Without including any pictures, give back all of the data exactly.
::: INFORMATION SHOWN :::
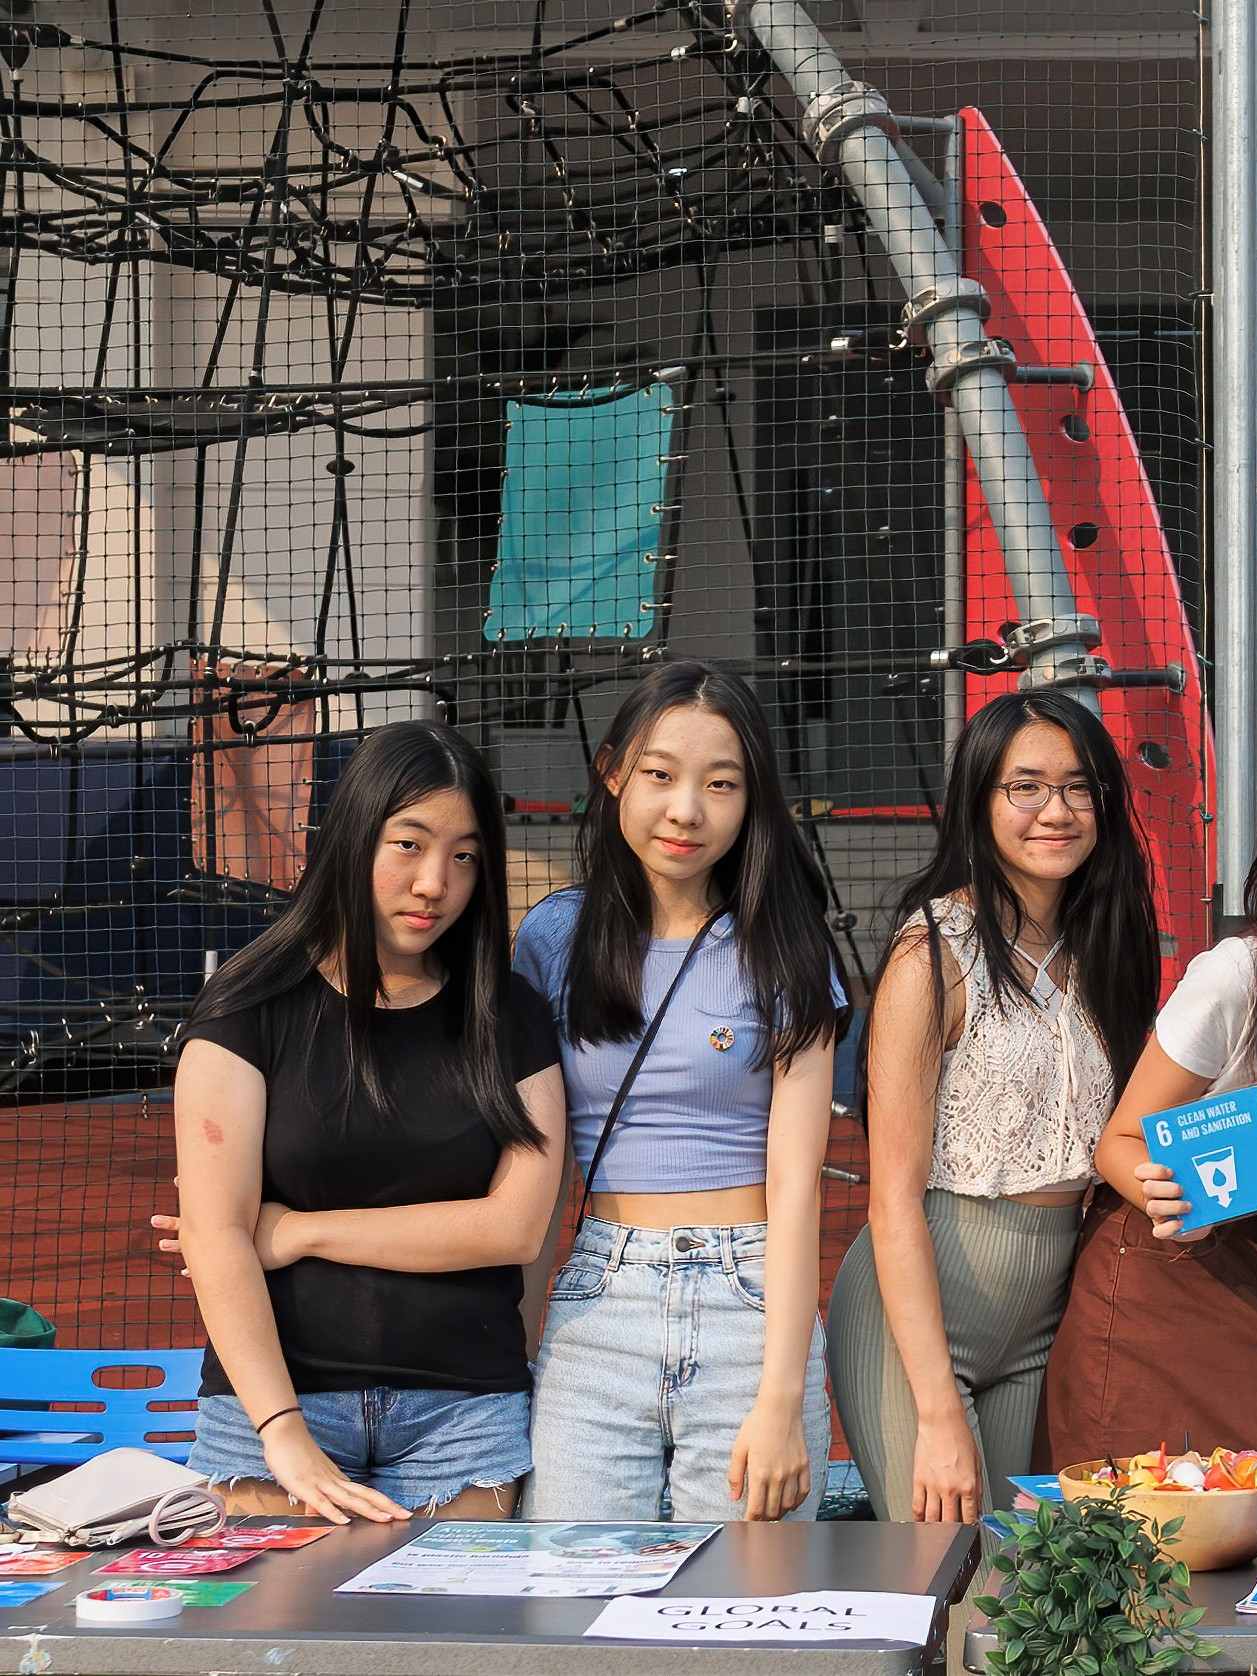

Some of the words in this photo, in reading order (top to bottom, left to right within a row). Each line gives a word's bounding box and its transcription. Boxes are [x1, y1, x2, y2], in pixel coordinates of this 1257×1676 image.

[1177, 1109, 1206, 1127] CLEAN
[1206, 1101, 1237, 1119] WATER
[1182, 1126, 1201, 1141] AND
[1201, 1112, 1252, 1135] SANITATION
[1156, 1120, 1173, 1147] 6
[671, 1618, 854, 1631] GOALS
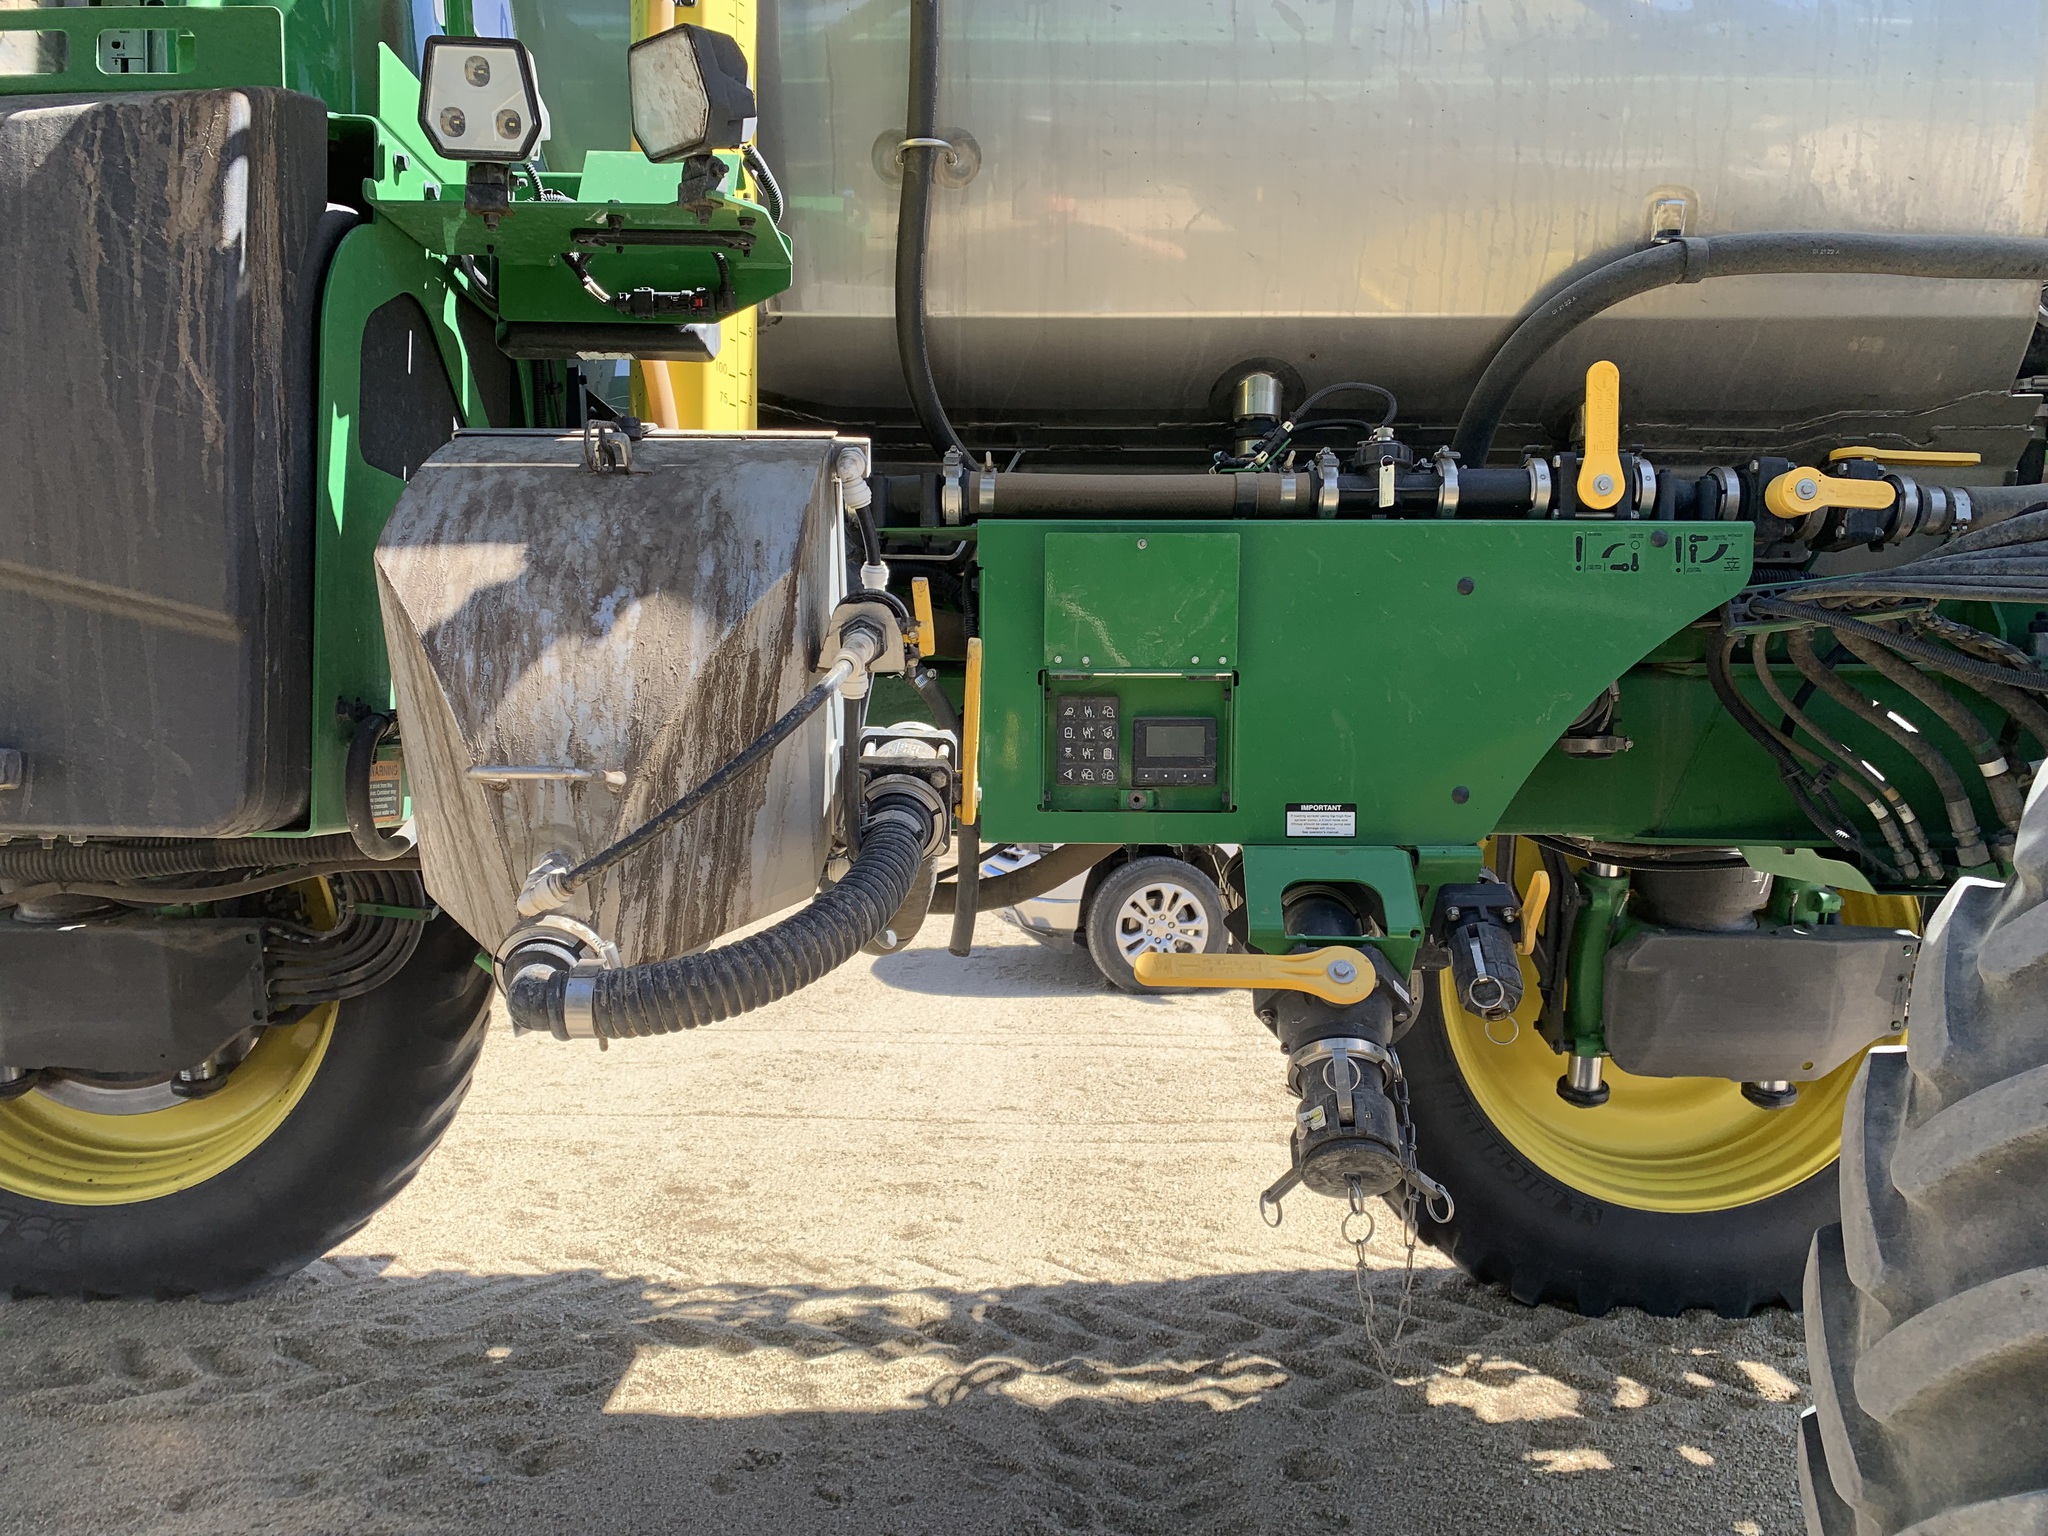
:::
**RESULT OF THIS TASK:**
Some of the words in this photo, in reading order (top to bottom, left to right within a row). Each line gives a word's bounding box and its transcription. Boxes are [x1, y1, x2, y2], in pixel coordinates of this 1257×1676 image.

[1177, 1109, 1206, 1127] CLEAN
[1206, 1101, 1237, 1119] WATER
[1182, 1126, 1201, 1141] AND
[1201, 1112, 1252, 1135] SANITATION
[1156, 1120, 1173, 1147] 6
[671, 1618, 854, 1631] GOALS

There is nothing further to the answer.